*Supplied records*
/---

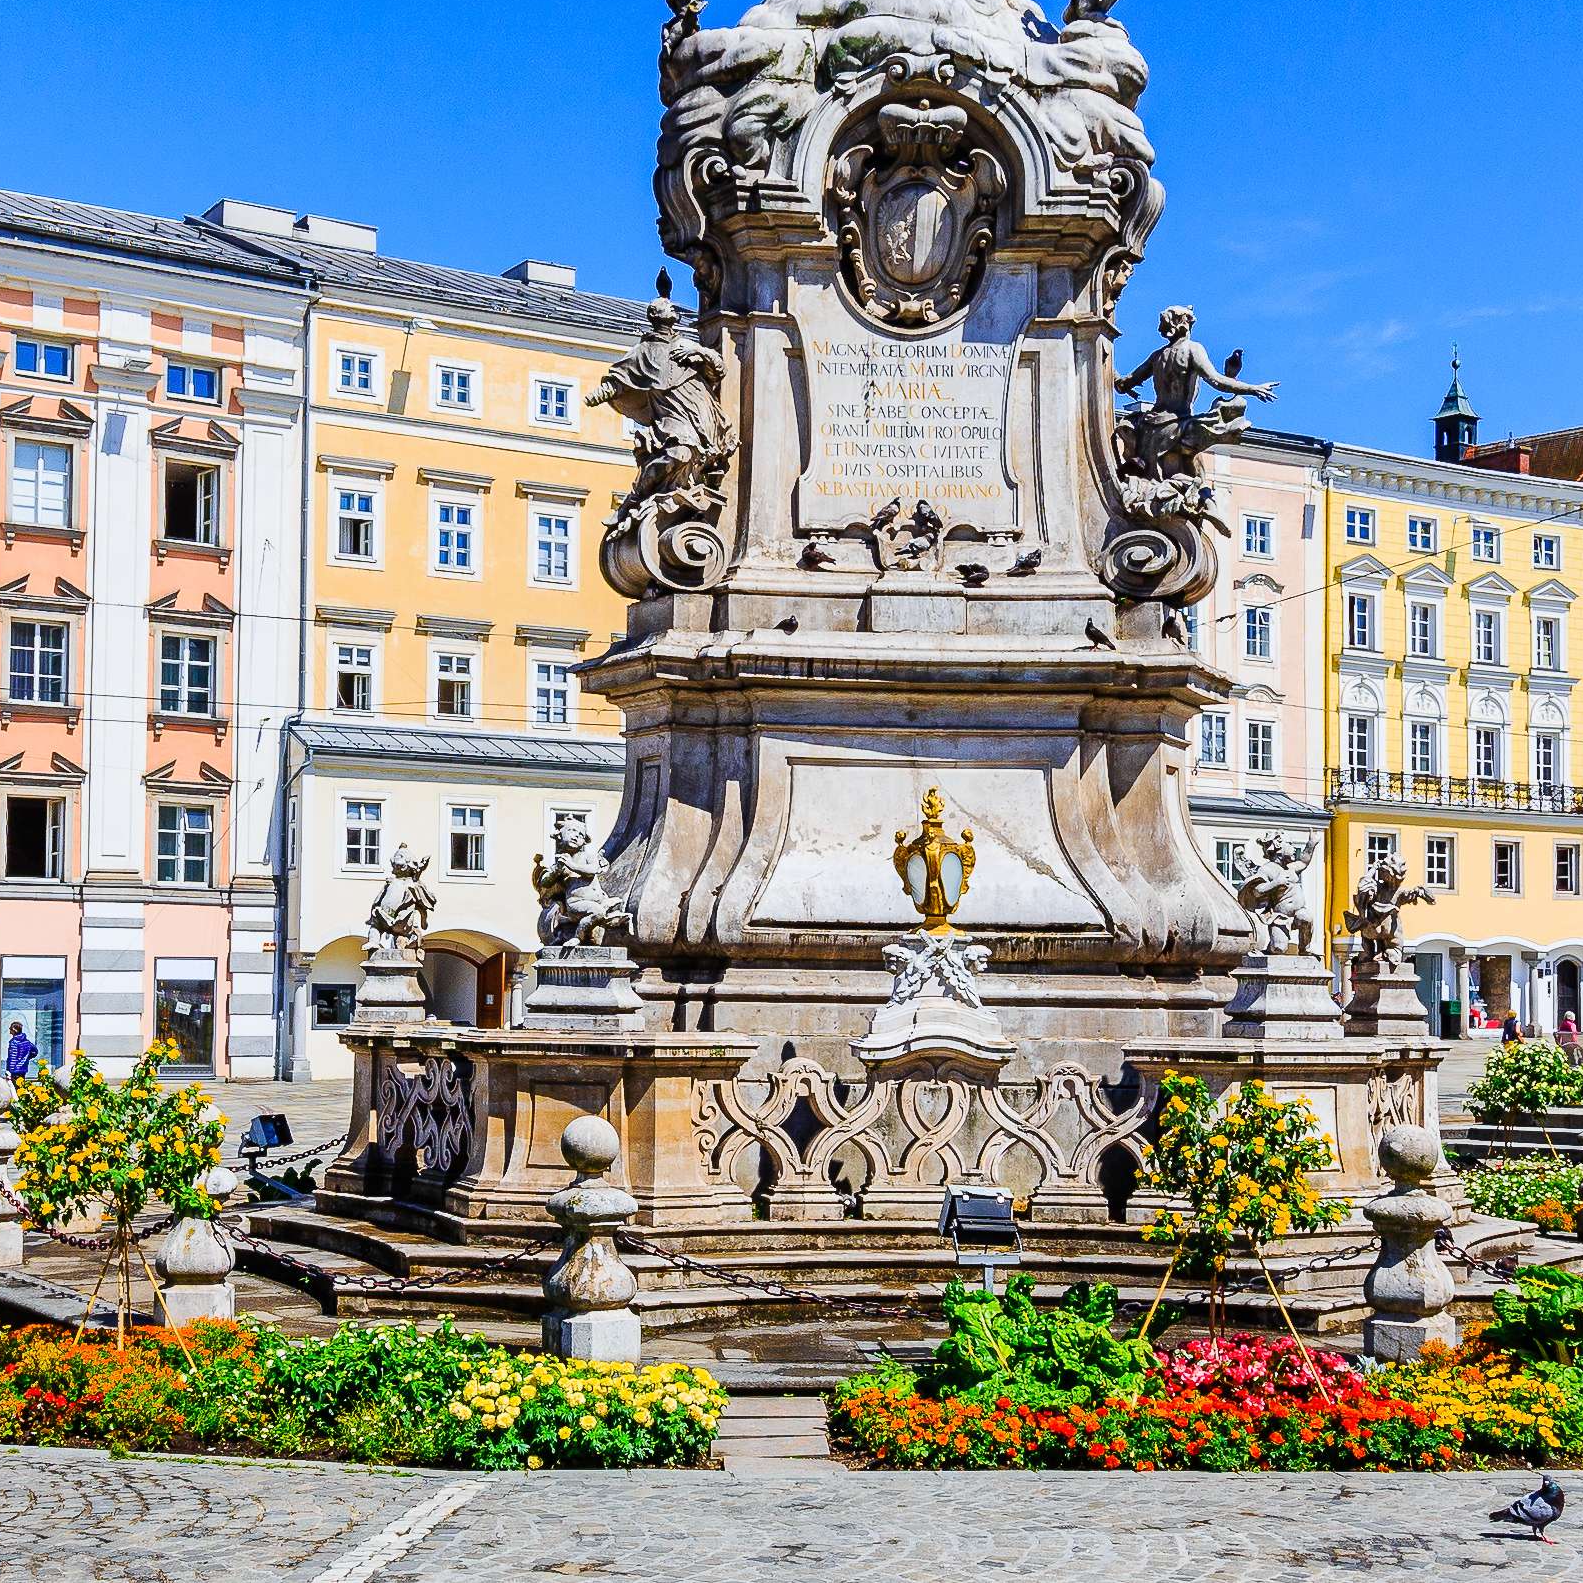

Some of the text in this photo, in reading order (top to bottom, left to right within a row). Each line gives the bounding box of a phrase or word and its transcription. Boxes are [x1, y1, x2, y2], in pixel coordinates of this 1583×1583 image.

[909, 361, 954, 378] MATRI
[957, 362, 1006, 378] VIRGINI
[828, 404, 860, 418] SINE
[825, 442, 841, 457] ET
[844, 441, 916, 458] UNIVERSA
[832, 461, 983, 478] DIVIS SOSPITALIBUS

\---

*Goal of the exercise*
Produce an exact reprint of the entries, dropping the images.

*Task output*
Some of the text in this photo, in reading order (top to bottom, left to right within a row). Each line gives the bounding box of a phrase or word and its transcription. Boxes are [x1, y1, x2, y2], in pixel coordinates of this 1583×1583 image.

[909, 361, 954, 378] MATRI
[957, 362, 1006, 378] VIRGINI
[828, 404, 860, 418] SINE
[825, 442, 841, 457] ET
[844, 441, 916, 458] UNIVERSA
[832, 461, 983, 478] DIVIS SOSPITALIBUS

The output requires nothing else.